REQUIREMENT: With the pictures set aside, write out all of the data exactly as it stands.
***** SUPPLIED DATA
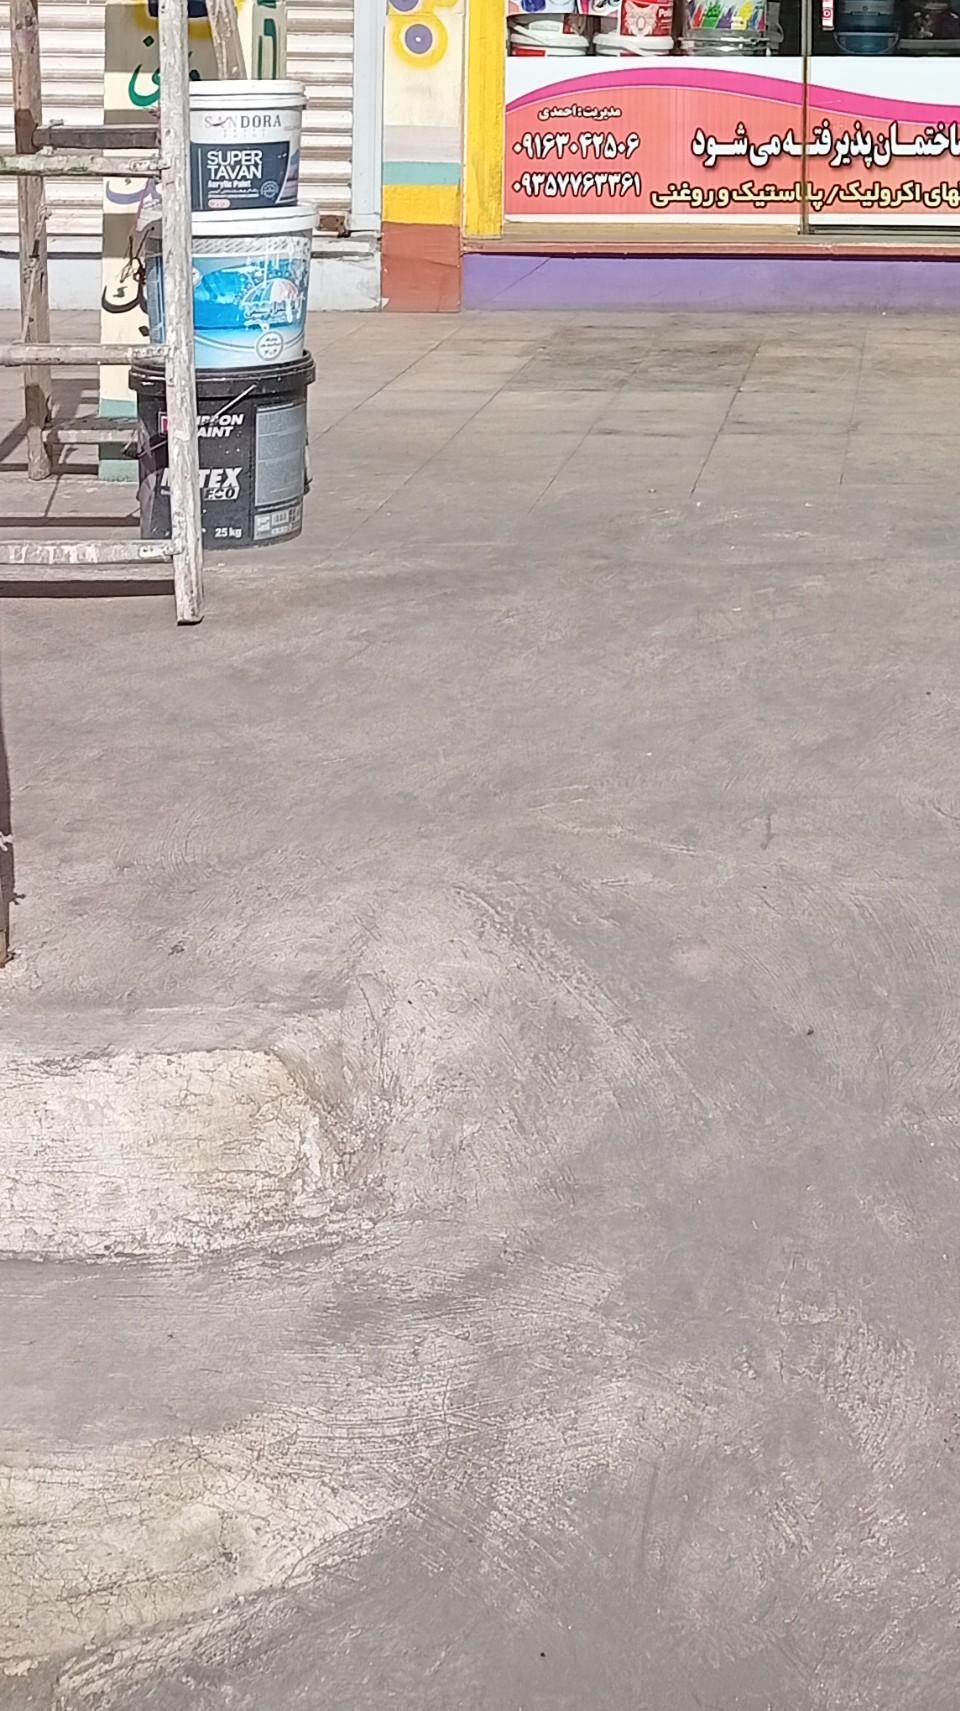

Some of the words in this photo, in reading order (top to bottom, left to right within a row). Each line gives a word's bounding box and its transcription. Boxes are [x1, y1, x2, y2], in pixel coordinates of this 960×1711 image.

[204, 114, 282, 128] SANDORA
[512, 132, 641, 159] ۰۹۱۶۳۰۴۲۵۰۶
[691, 121, 749, 168] شود
[750, 134, 782, 168] می
[782, 118, 873, 168] پذیرفته
[206, 150, 262, 165] SUPER
[207, 165, 262, 180] TAVAN
[207, 180, 232, 189] Acrylic
[232, 180, 251, 188] Paint
[512, 172, 642, 197] ۰۹۳۵۷۷۶۳۳۶۱
[650, 181, 716, 208] روغنی
[731, 179, 824, 211] پلاستیک
[838, 179, 922, 208] اکرولیک
[197, 426, 234, 437] AINT
[214, 527, 228, 537] 25
[228, 527, 242, 538] kg
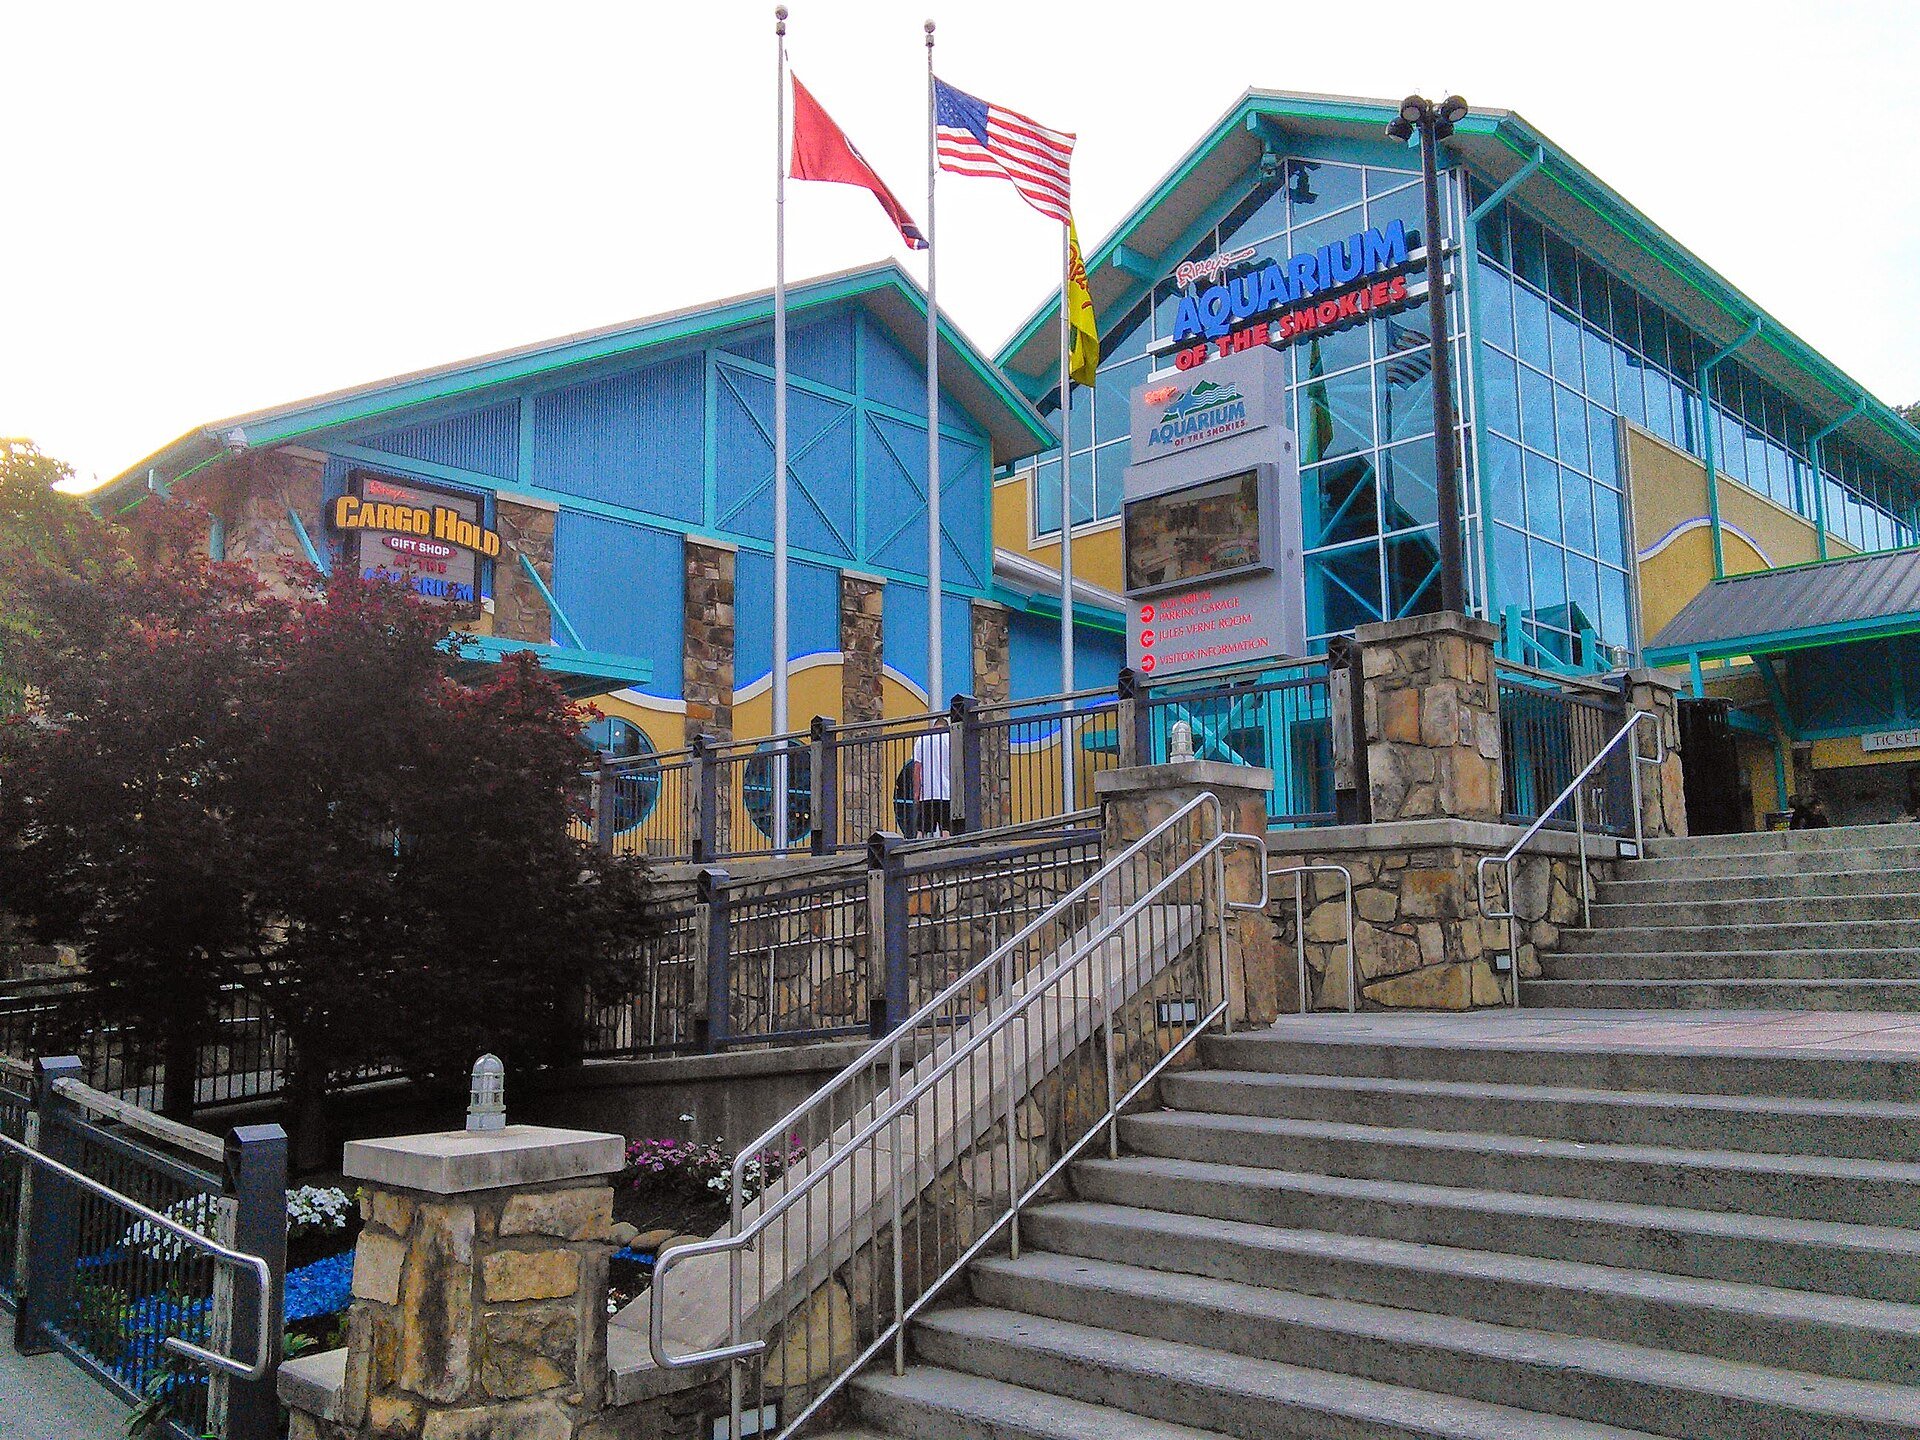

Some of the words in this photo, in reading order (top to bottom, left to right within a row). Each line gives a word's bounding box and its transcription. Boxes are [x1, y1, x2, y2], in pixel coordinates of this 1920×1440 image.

[1173, 219, 1408, 342] AQUARIUM
[1176, 248, 1255, 289] Ripley's
[1175, 342, 1208, 371] OF
[1215, 322, 1271, 358] THE
[1279, 275, 1408, 339] SMOKIES
[1148, 401, 1246, 447] AQUARIUM
[1174, 438, 1185, 447] OF
[1188, 432, 1204, 442] THE
[1207, 419, 1247, 438] SMOKIES
[391, 537, 417, 549] GIFT
[418, 543, 450, 556] SHOP
[418, 560, 447, 574] THE
[1160, 606, 1199, 622] PARKING
[1201, 596, 1240, 614] GARAGE
[1160, 627, 1184, 641] JULES
[1186, 620, 1216, 634] VERNE
[1218, 613, 1253, 629] ROOM
[1160, 651, 1196, 665] VISITOR
[1198, 637, 1269, 658] INFORMATION
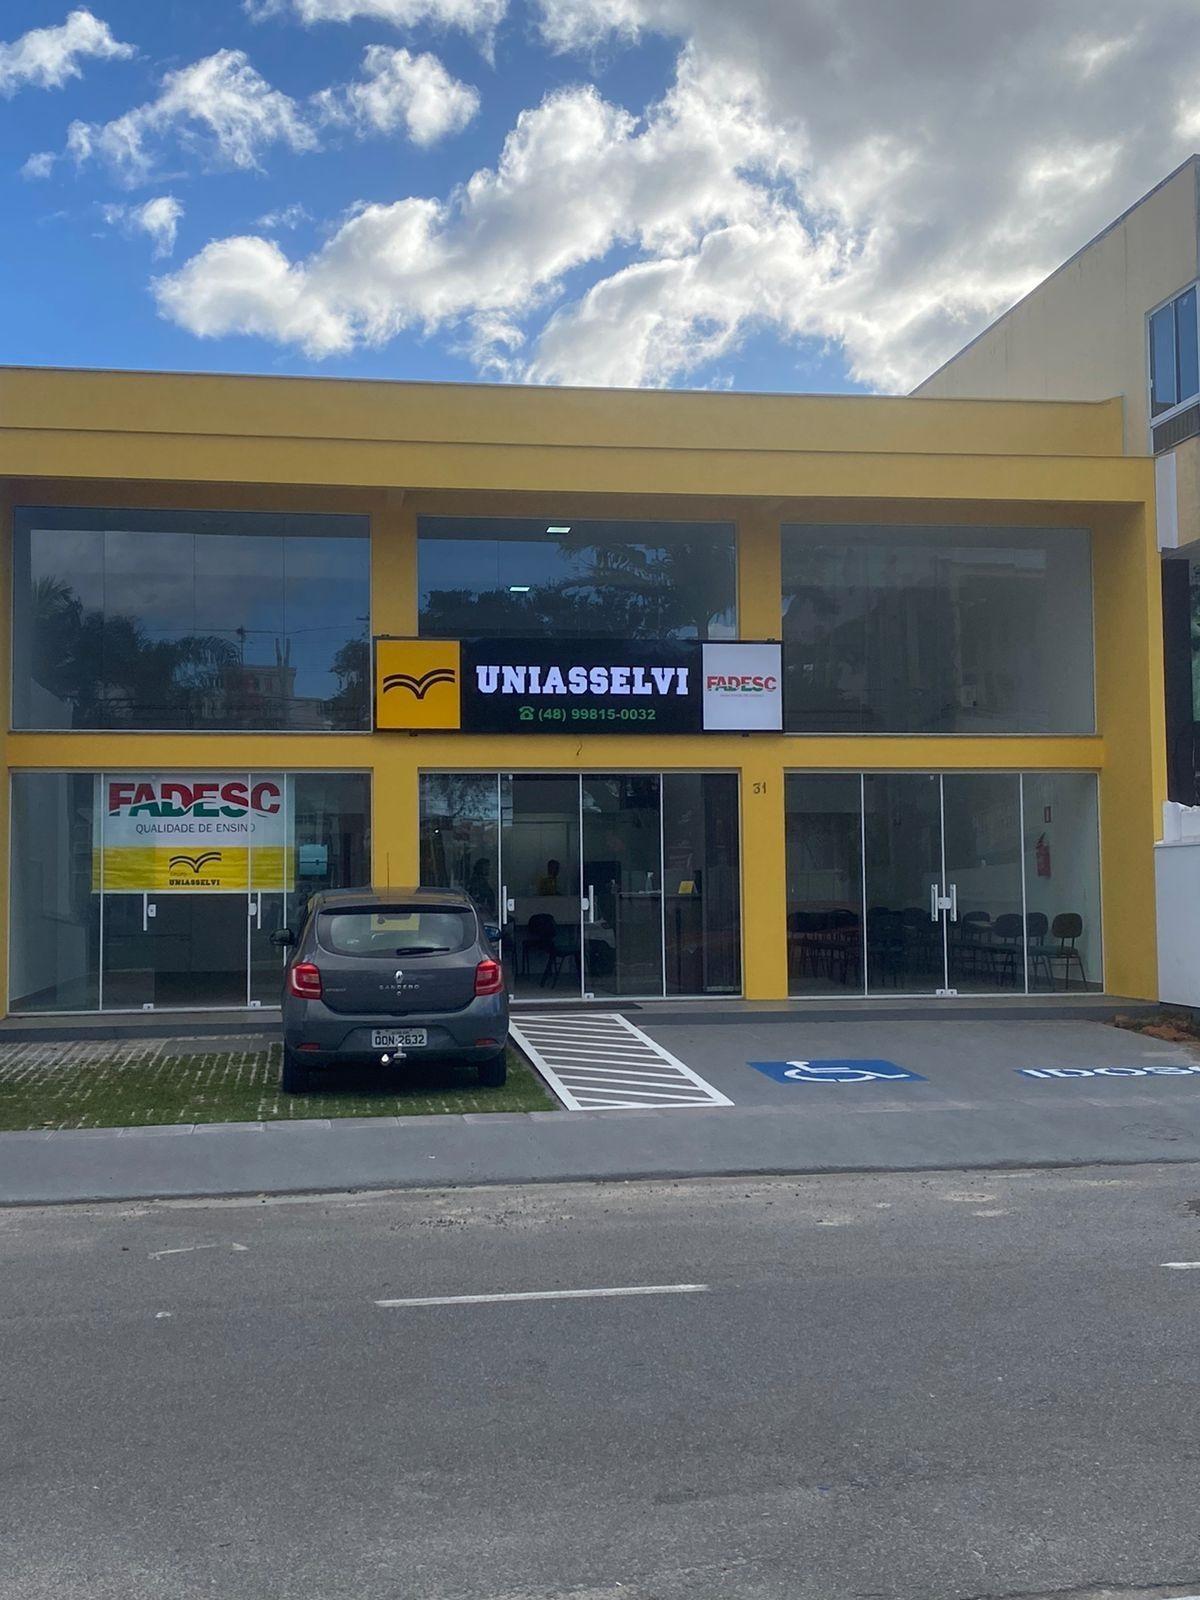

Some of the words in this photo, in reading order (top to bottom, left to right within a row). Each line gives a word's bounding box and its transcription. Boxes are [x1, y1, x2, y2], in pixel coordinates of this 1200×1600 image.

[476, 665, 689, 695] UNIASSELVI
[706, 676, 777, 692] FADESC
[538, 708, 567, 722] (48)
[571, 708, 656, 720] 99815-0032
[752, 781, 767, 794] 31
[108, 782, 281, 818] FADESC
[136, 823, 195, 834] QUALIDADE
[198, 823, 212, 833] DE
[1023, 1066, 1200, 1077] IDOS
**********
COMPLETED EXERCISE:
Some of the words in this photo, in reading order (top to bottom, left to right within a row). Each line gives a word's bounding box and its transcription. Boxes are [x1, y1, x2, y2], in pixel coordinates of this 960×1711 image.

[204, 114, 282, 128] SANDORA
[512, 132, 641, 159] ۰۹۱۶۳۰۴۲۵۰۶
[691, 121, 749, 168] شود
[750, 134, 782, 168] می
[782, 118, 873, 168] پذیرفته
[206, 150, 262, 165] SUPER
[207, 165, 262, 180] TAVAN
[207, 180, 232, 189] Acrylic
[232, 180, 251, 188] Paint
[512, 172, 642, 197] ۰۹۳۵۷۷۶۳۳۶۱
[650, 181, 716, 208] روغنی
[731, 179, 824, 211] پلاستیک
[838, 179, 922, 208] اکرولیک
[197, 426, 234, 437] AINT
[214, 527, 228, 537] 25
[228, 527, 242, 538] kg

Some of the words in this photo, in reading order (top to bottom, left to right within a row). Each line gives a word's bounding box and its transcription. Boxes are [x1, y1, x2, y2], in pixel coordinates of this 1920×1440 image.

[1173, 219, 1408, 342] AQUARIUM
[1176, 248, 1255, 289] Ripley's
[1175, 342, 1208, 371] OF
[1215, 322, 1271, 358] THE
[1279, 275, 1408, 339] SMOKIES
[1148, 401, 1246, 447] AQUARIUM
[1174, 438, 1185, 447] OF
[1188, 432, 1204, 442] THE
[1207, 419, 1247, 438] SMOKIES
[391, 537, 417, 549] GIFT
[418, 543, 450, 556] SHOP
[418, 560, 447, 574] THE
[1160, 606, 1199, 622] PARKING
[1201, 596, 1240, 614] GARAGE
[1160, 627, 1184, 641] JULES
[1186, 620, 1216, 634] VERNE
[1218, 613, 1253, 629] ROOM
[1160, 651, 1196, 665] VISITOR
[1198, 637, 1269, 658] INFORMATION

Some of the words in this photo, in reading order (top to bottom, left to right within a row). Each line gives a word's bounding box and its transcription. Boxes are [x1, y1, x2, y2], in pixel coordinates of this 1200×1600 image.

[476, 665, 689, 695] UNIASSELVI
[706, 676, 777, 692] FADESC
[538, 708, 567, 722] (48)
[571, 708, 656, 720] 99815-0032
[752, 781, 767, 794] 31
[108, 782, 281, 818] FADESC
[136, 823, 195, 834] QUALIDADE
[198, 823, 212, 833] DE
[1023, 1066, 1200, 1077] IDOS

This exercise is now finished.